47. Gravestone

I’ve been wanting to do this for some time. Wanting and needing. I just haven’t known how or where or when.

This isn’t something for a movie or a television series. Maybe that’s where I’m getting the idea, but that’s not why I’m doing it. I’m doing it because—because I have to.

Because she deserves it.

Because despite how much I want to forget and move on, despite the insanity of it all that gets a little less insane as time goes on, I need to do this. For Jocelyn.

Mom let me borrow the car because I told her I’m just going down the road to a friend’s house. She’s letting me drive a little more with each passing week, for practice. Sometimes she’s with me and sometimes not. She knows how remote these roads are and that nobody’s around to give me a ticket.

She doesn’t know exactly how far I’m driving, but she doesn’t need to know.

It takes me longer than I expected to find it. The place Jocelyn took me, where she showed me the church and the cemetery that used to be.

The tall grass and weeds aren’t as high as I remember, and the church seems more desolate than I remember. The ground is hard and it takes me a while to find them, but I eventually see the pair of gravestones.

I place a rock between them.

I’m not exactly sure what else to do.

Is she watching me from above or around like in The Sixth Sense?

It’s a nice thought, thinking she might be seeing me, but that’s not why I’m doing this. I’m doing it out of respect. And love. And need.

The rock is one I found down by the creek, thin and about the length of a football. I carved some crude markings on it with a small pickaxe I bought in town. They’re undecipherable except by me.

And by Jocelyn.

At the top is a large J. Then at the center, resembling the cuttings of a caveman, it says December 31. At the bottom, a round thing that’s supposed to resemble a heart.

I look at the flat rock between the two short tombstones. I breathe in and feel the cold emptiness of winter. Then I look up to the sky. “You once called me your guardian angel. Remember that?”

I’m talking out loud, unafraid of being overheard.
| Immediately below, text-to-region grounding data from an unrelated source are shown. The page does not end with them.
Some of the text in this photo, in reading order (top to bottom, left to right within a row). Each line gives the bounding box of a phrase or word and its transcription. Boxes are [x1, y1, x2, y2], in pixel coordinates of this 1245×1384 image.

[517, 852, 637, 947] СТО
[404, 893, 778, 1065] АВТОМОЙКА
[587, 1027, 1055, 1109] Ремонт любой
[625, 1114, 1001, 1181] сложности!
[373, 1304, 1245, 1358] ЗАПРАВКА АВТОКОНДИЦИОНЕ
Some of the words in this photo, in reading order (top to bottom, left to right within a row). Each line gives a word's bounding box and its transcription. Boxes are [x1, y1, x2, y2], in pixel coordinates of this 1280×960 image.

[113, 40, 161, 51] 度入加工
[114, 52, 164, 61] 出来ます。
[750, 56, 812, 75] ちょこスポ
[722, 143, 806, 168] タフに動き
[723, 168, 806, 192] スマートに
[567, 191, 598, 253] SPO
For some reason, I think this is a special place uninfected by Solitary.

Then again, the church did burn to the ground. What do I know?
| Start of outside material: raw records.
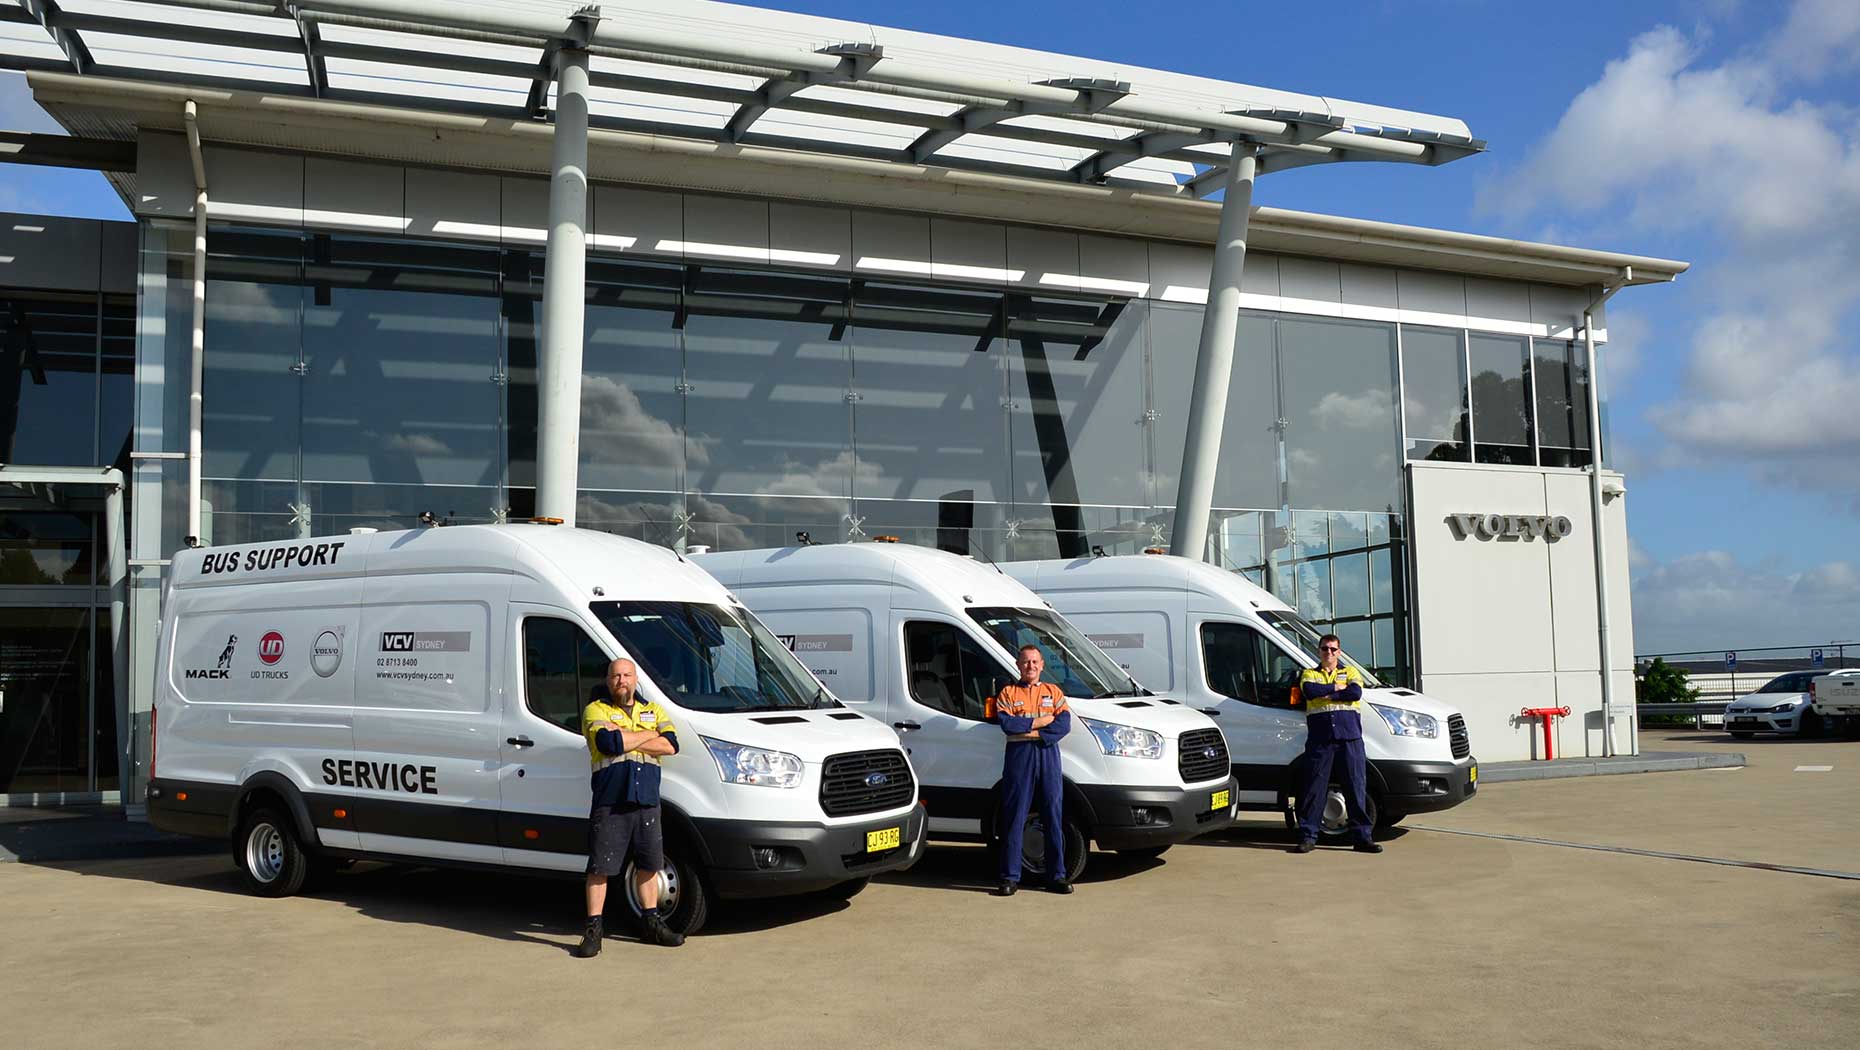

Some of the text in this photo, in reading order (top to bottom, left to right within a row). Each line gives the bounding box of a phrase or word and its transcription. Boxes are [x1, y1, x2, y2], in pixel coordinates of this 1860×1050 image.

[1449, 513, 1573, 537] VOLVO
[200, 542, 345, 575] BUS SUPPORT
[384, 634, 446, 649] VCV SYDNEY
[797, 641, 828, 650] SYDNEY
[1092, 639, 1119, 648] YDNEY
[260, 639, 284, 656] UD
[1812, 649, 1821, 661] P
[376, 658, 418, 667] 02 8713 8400
[185, 669, 229, 680] MACK
[250, 671, 289, 680] UD TRUCKS
[376, 671, 455, 682] www.vcvsydney.com.au
[1829, 688, 1860, 697] ISUZ
[321, 758, 438, 795] SERVICE
“You called me an answer to prayer. But I couldn’t guard you, Joss. I couldn’t save you. And I’m sorry. I’m sorry for not being there.”

I look at the sky. I don’t have tears, not anymore. There’s just this big gaping hole inside, like the remnants of a dissolving asteroid plummeting to the ground and disintegrating. All I’m left with is a crater full of ashes and rock.

“You told me that you came here and asked God to send you a sign. As a reminder of the brightness. So I’m going to do the same thing. I’m going to ask. Maybe this is a magical place where God doesn’t exist but wishes can come true. I don’t know. I don’t know anything except that you’re gone and I failed you. I miss you.”

Once again I glance at the rock I made, this ugly scratched excuse for a gravestone.

“If it’s true—if what you believed is true—then you’re okay. And that also means you can look out for me. So I’m asking you—I’m asking God—I’m asking whoever can hear me: Help me. Send something to help me out. Because I’m lost in this darkness and I’m not sure where I’m going to go or what I’m going to do.”

The wind is slight and cold. I would love to say that I suddenly have a premonition, that I hear a whisper, that I see something. But there’s nothing.

It’s just a boy standing over the makeshift grave of the girl he loved, praying a prayer he doesn’t really believe.

Faith isn’t an easy thing. Whoever tells you it is, is just wrong.

I bend down and touch the rock one more time.

I know I’ll never come back to this place.

When I’m back in my mom’s car, I see it.

I wonder if it’s the same wolf I’ve seen before.

No, this one is darker and not as tall. It’s standing near the grave site. It doesn’t sniff, doesn’t seem to be looking for anything. It walks as if it’s

That’s stupid.

I shut my voice up before it goes further.

No wolf is patrolling these hidden graves.

It’s just that this place is so remote that wolves and other animals seem to be everywhere.

Good thing wolfie didn’t decide to bite like the birdie did.

It’s getting dark, and the outline of the wolf makes me shiver for a second. I start up the car and drive away.